Arnitan :
À Krieg, l’hiver avait passé. Plus doux que toutes les années précédentes, disaient les anciens — et ce n’était pas bon signe.
Certains s’en moquaient. Pas Arnitan. Il se souvenait encore trop bien des paroles de l’homme mystérieux.
Rien ne c'était produit depuis. Ni vision, ni loup géant. Mais un pressentiment s’accrochait à lui, comme un poids invisible.
Il espérait encore que tout cela n’existait pas vraiment… surtout depuis que Gwenn l’avait embrassé.
Il rêvait encore de cet instant, qui avait tout changé.
Lui offrir la statuette de l’Hirondelle lui avait paru un choix juste. Aujourd’hui, il doutait.
Je la mets en danger… si mon destin est réel.
L’avoir à ses côtés lui donnait une force immense, mais il avait peur. Peur qu’elle ne soit en sécurité nulle part avec lui.
Il faut que je lui parle, pensa-t-il, encore allongé.
On frappa à la porte.
— On est réveillé, là-dedans ? cria la voix de Céleste.
— Si je ne l’étais pas, je le suis maintenant, grommela Arnitan.
Il se leva, enfila une chemise légère à manches courtes et un pantalon brun.
En ouvrant les volets, la lumière du printemps l’éblouit.
Les arbres, dénudés par l’hiver, retrouvaient leurs couleurs.
— Dépêche-toi, Tan ! Il ne reste plus que toi. Comme d’habitude, ricana sa sœur.
Il ouvrit la porte. Céleste lui adressa un sourire trop fier d’elle.
— Allez, viens. J’ai faim, dit-elle.
Ils descendirent ensemble. Dans la salle à manger, tout le monde était déjà installé.
Atlan, leur père, n’avait plus quitté Krieg depuis la blessure d’Arnitan.
Piré aussi était revenu : il avait terminé les épreuves, devenant guerrier à son tour.
Une grande fête avait eu lieu au village, comme chaque année pour célébrer les nouveaux guerriers de la forteresse.
— Prêt pour l’entraînement de ce matin, petit frère ? lança Piré.
— J’ai hâte de te montrer ce que j’ai appris avec Brelan, répondit Arnitan, l’œil brillant.
— D’abord, on mange, trancha Myriam.
Les deux frères baissèrent la tête. Céleste étouffa un rire, et Atlan sourit :
— Votre Man a raison. On ne va pas se battre le ventre vide.

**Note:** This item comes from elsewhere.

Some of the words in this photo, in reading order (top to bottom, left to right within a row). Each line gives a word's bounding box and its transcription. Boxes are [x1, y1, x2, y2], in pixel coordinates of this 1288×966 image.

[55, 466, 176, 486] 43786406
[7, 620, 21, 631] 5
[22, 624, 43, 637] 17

— Oui, Pa, dirent-ils en chœur.
Sur la table : viennoiseries dorées, fruits frais, et surtout… des fraises.
Arnitan en prit plusieurs, sans dissimuler sa gourmandise.
— C’est que tu prépares un gros combat, plaisanta Atlan.

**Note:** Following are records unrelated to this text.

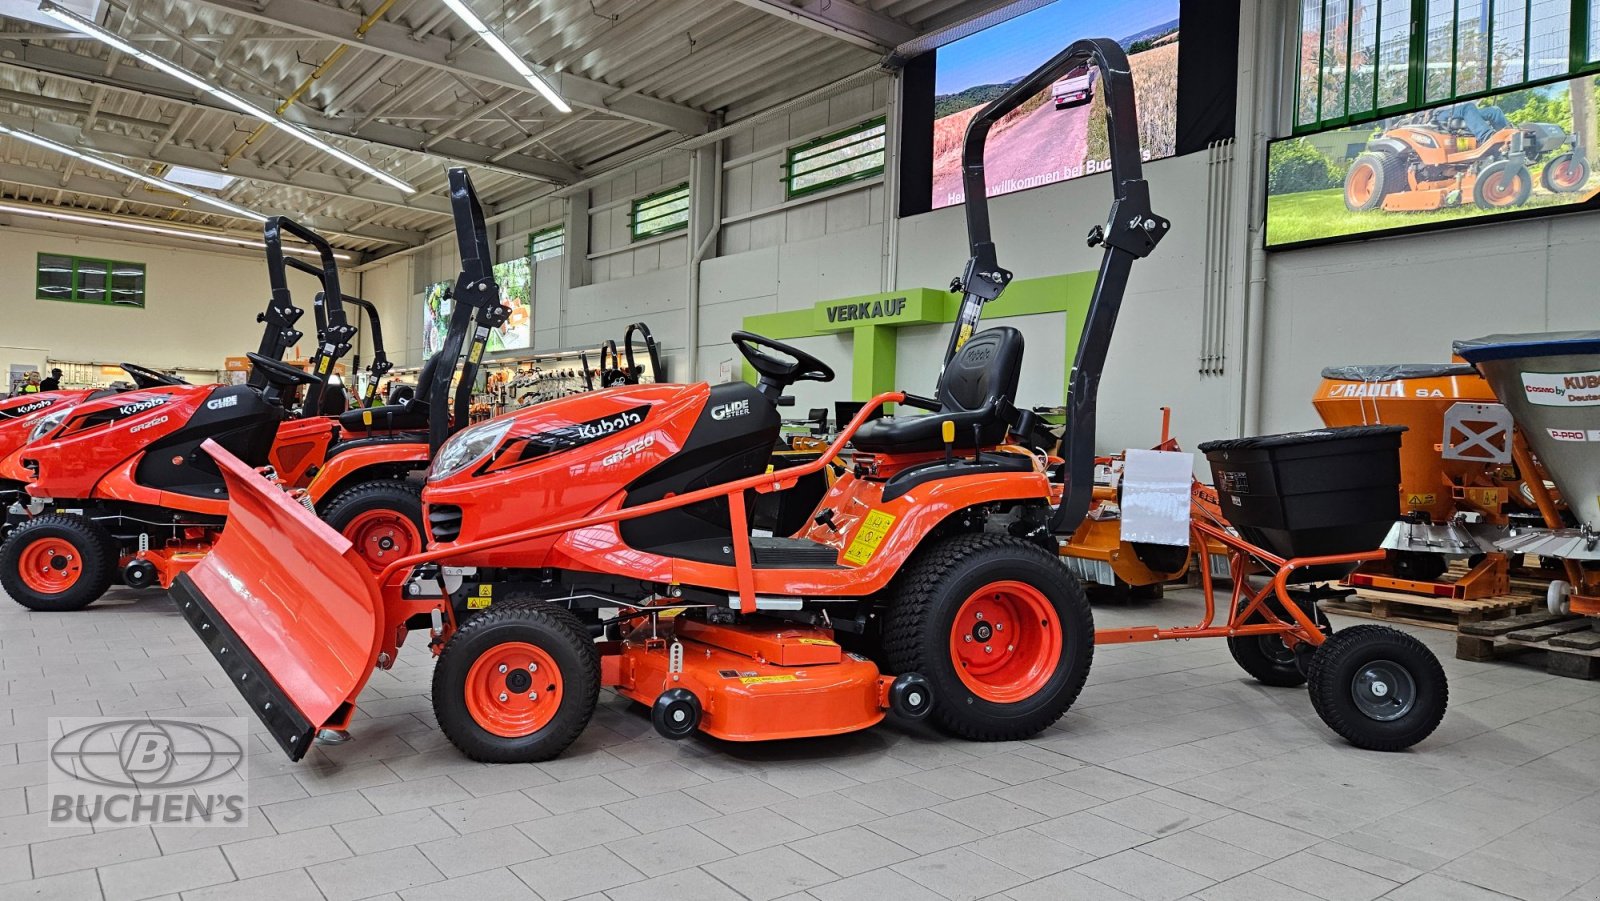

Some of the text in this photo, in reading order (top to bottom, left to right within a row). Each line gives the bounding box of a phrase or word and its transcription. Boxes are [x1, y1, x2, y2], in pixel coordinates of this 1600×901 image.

[991, 169, 1059, 195] willkommen
[1063, 160, 1083, 178] bei
[827, 298, 906, 323] VERKAUF
[1564, 375, 1600, 389] KUB
[1344, 383, 1405, 397] RAUCH
[1415, 389, 1444, 397] SA
[1555, 386, 1565, 396] by
[17, 400, 51, 413] Kubota
[120, 398, 164, 415] Kubota
[207, 395, 238, 410] GLIDE
[711, 399, 749, 420] GLIDE
[726, 408, 750, 418] STEER
[130, 416, 168, 433] GR2120
[578, 412, 641, 438] Kubota
[1552, 431, 1583, 439] P-PRO
[602, 436, 655, 467] GR2120
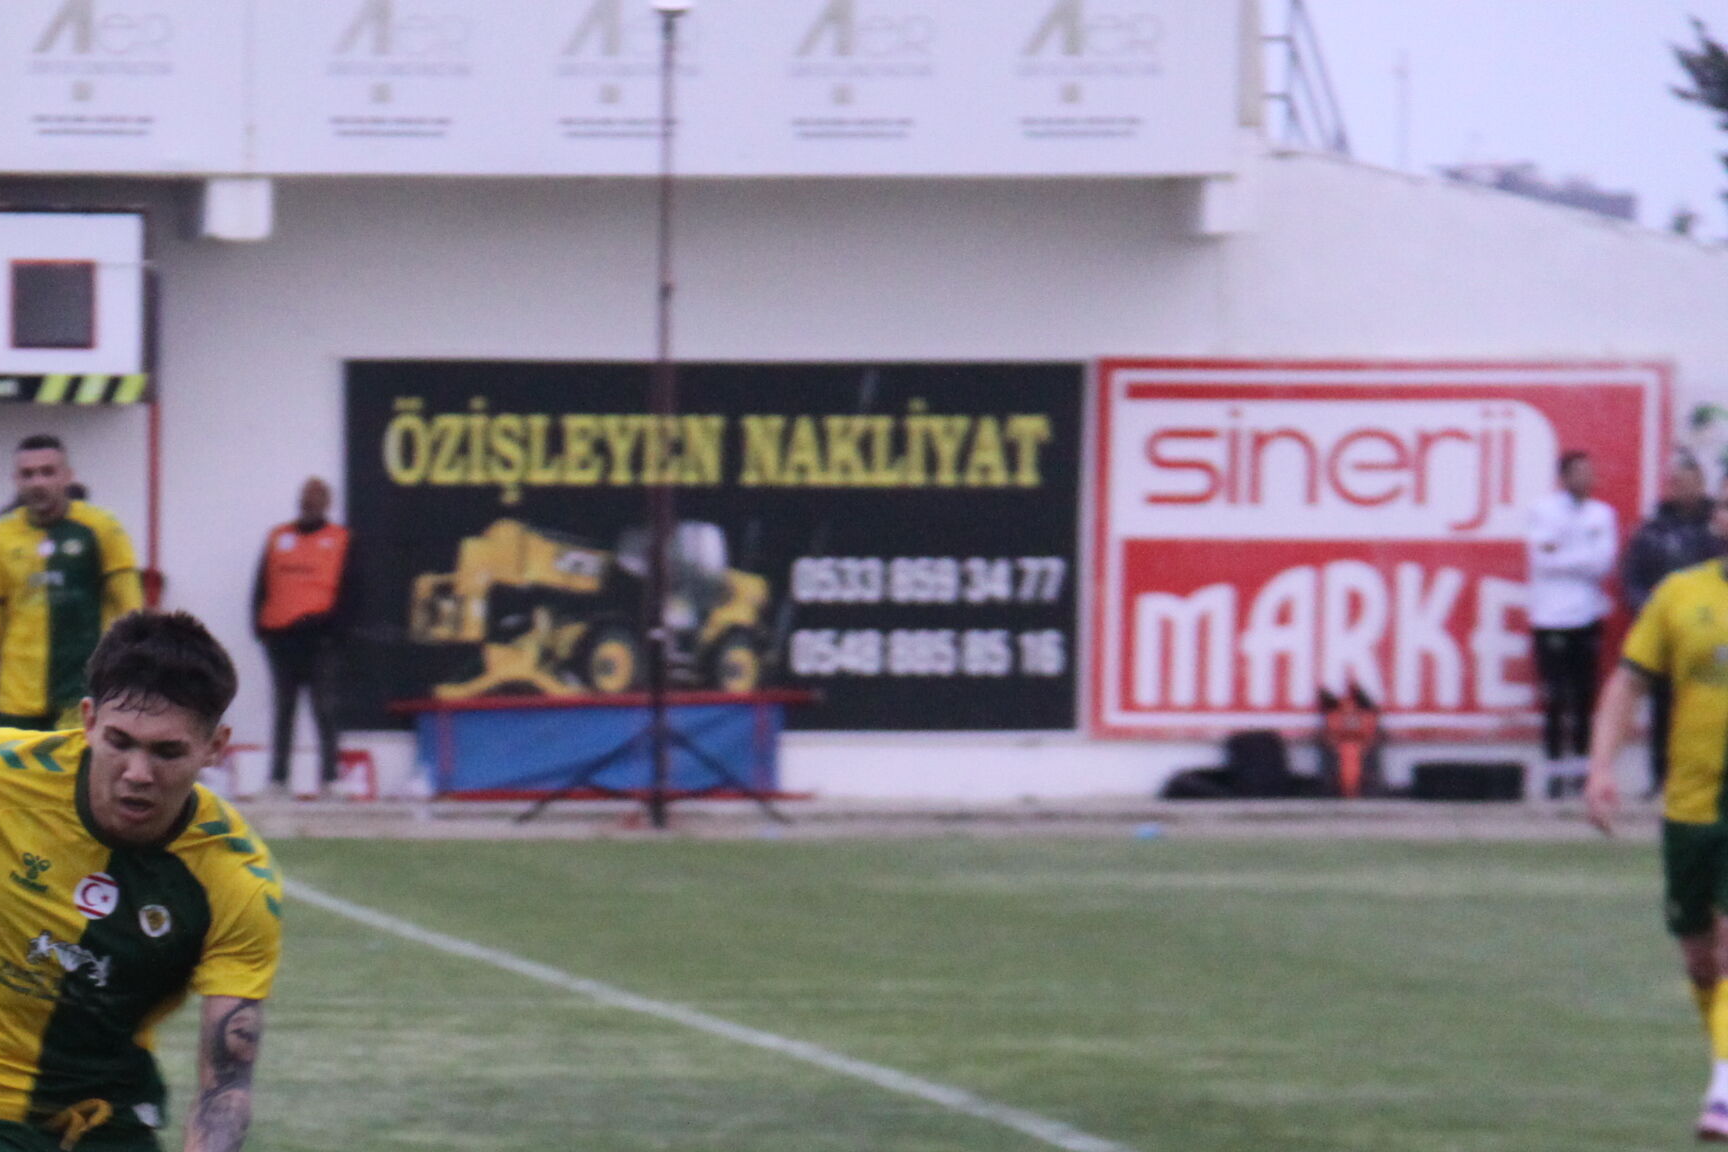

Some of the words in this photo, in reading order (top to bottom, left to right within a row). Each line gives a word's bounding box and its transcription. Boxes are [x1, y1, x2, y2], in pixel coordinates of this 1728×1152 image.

[384, 397, 725, 504] ÖZİŞLEYEN
[739, 397, 1052, 487] NAKLİYAT
[1145, 407, 1518, 532] sinerji
[962, 555, 1013, 602] 34
[1016, 556, 1067, 601] 77
[1135, 560, 1534, 710] MARKE

— Évidemment. J’ai renforcé ma technique et ma force, se vanta Arnitan.
— Tu fais le costaud, mais battre un guerrier de Krieg, c’est autre chose que mettre au tapis un vieux chasseur, répliqua Piré.
— Brelan est plus fort que n’importe qui, défendit Arnitan.
— Je le défierai à nouveau. On verra bien qui sera le meilleur guerrier de Krieg, lança Piré, un clin d’œil à son frère.
Qu’est-ce qu’il peut être agaçant, pensa Arnitan. Mais il se retint : ses parents les observaient d’un œil vigilant.
— Je viendrai vous surveiller, annonça Myriam.
Céleste passera la journée avec Gabrielle, et votre Pa sera à l’échoppe.
Une fois le repas terminé, Arnitan monta se préparer. Céleste le suivit à la trace.
— Alors ? demanda-t-elle.
— Quoi, « alors » ? fit-il, sans comprendre.
— Oh, tu sais très bien ce que je veux dire. Tu vas la voir, aujourd’hui ?
Son frère pouvait être insupportable mais il ne l’avait pas avec lui tous les jours au contraire de Céleste.
Depuis qu’elle avait vu Arnitan embrasser Gwenn, sa sœur ne le lâchait plus d’une semelle.
— Laisse-moi tranquille. Je dois me concentrer.
— Ça fait longtemps qu’on ne l’a pas vue à la maison. T’as qu’à l’inviter à déjeuner, proposa-t-elle, faussement innocente.
— Tu l’as vue hier, grogna Arnitan.
— Oui, moi. Mais Pa et Man, non, sourit-elle.
Il comprit aussitôt où elle voulait en venir.
Dans ses rêves, Gwenn apparaissait souvent… dans une robe de Krieg, lumineuse, magnifique.
— On va pas se marier ! protesta-t-il. Même si, au fond… il espérait bien que cela arriverait un jour.
Céleste arqua un sourcil, amusée.
— C’est toi qui devrais commencer à y penser. Moi, je suis encore bien trop jeune, déclara Arnitan, en bombant le torse.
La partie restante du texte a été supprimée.